With major support from the MAVA Foundation, and co-sponsorship from the Smithsonian Institution, EcoHealth Alliance, Provita and the Fulbright Program, an ongoing global consultation was launched to test preliminary criteria in a range of ecosystem types and in different regions and institutional settings. Additional feedback will be sought during the IV World Conservation Congress (Jeju, Korea, 6–15 September 2012), with the aim of having a revised set of quantitative criteria available to the scientific community by 2013.

Over the next decade the hope is to assess all the world's land masses and oceans, leading to complete coverage of terrestrial, freshwater, marine and subterranean ecosystems. We anticipate a significant expansion in existing institutional and technical capacity, especially in biodiversity-rich countries in the developing world, for assessing risk to ecosystems and for using this information for conservation decision-making by all sectors of society.

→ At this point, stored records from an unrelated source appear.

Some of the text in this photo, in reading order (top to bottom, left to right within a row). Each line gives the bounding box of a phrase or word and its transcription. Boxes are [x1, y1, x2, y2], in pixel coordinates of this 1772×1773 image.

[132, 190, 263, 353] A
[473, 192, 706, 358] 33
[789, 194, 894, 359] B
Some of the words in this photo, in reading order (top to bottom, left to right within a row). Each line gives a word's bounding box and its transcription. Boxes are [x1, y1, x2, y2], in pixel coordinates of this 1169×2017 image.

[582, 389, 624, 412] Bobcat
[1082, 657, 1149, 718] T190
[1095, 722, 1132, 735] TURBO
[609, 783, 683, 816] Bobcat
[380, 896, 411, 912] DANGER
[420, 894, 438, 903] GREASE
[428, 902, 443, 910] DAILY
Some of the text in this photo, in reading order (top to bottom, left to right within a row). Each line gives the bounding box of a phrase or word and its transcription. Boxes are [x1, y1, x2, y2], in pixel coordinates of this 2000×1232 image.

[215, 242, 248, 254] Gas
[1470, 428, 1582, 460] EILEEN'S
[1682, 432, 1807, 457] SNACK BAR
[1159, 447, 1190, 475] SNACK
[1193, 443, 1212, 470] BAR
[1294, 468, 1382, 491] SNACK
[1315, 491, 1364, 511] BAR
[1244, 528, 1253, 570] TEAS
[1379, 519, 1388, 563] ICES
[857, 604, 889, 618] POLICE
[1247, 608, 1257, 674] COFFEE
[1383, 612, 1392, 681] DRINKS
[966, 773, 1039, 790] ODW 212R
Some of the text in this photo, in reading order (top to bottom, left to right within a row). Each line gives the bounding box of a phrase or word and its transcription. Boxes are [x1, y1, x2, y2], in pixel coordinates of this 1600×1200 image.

With the generous support of the Gordon and Betty Moore Foundation we will undertake a new challenge during 2012–2014: the IUCN Red List of the Continental Ecosystems of the Americas. Activities will be structured around three themes that can be broadly defined as science, public awareness, and biodiversity policy. The scientific aim will be to assess fully the conservation status of the continental ecosystems of the Americas by developing a series of baselines across the continental distribution of each type, assessing land cover change against these baselines, quantifying the drivers of change, and applying the Red List criteria to ecosystems at the regional and national level. Our public awareness aim is to improve public access to information on the status of ecosystems by creating an online open-access toolbox for housing and analysing scientific data, developing a portfolio of scientific and popular publications, improving public knowledge, and integrating the Red List of Ecosystems with the IUCN Red List of Threatened Species and World Database of Protected Areas to enhance biodiversity conservation planning. The biodiversity policy aim is to use the Red List of Ecosystems to engage actively with governments in the region in the development of national Red Lists of Ecosystems, informing regional economic, social and environmental cooperation organizations, and maintaining a high profile at key global biodiversity-related scientific meetings.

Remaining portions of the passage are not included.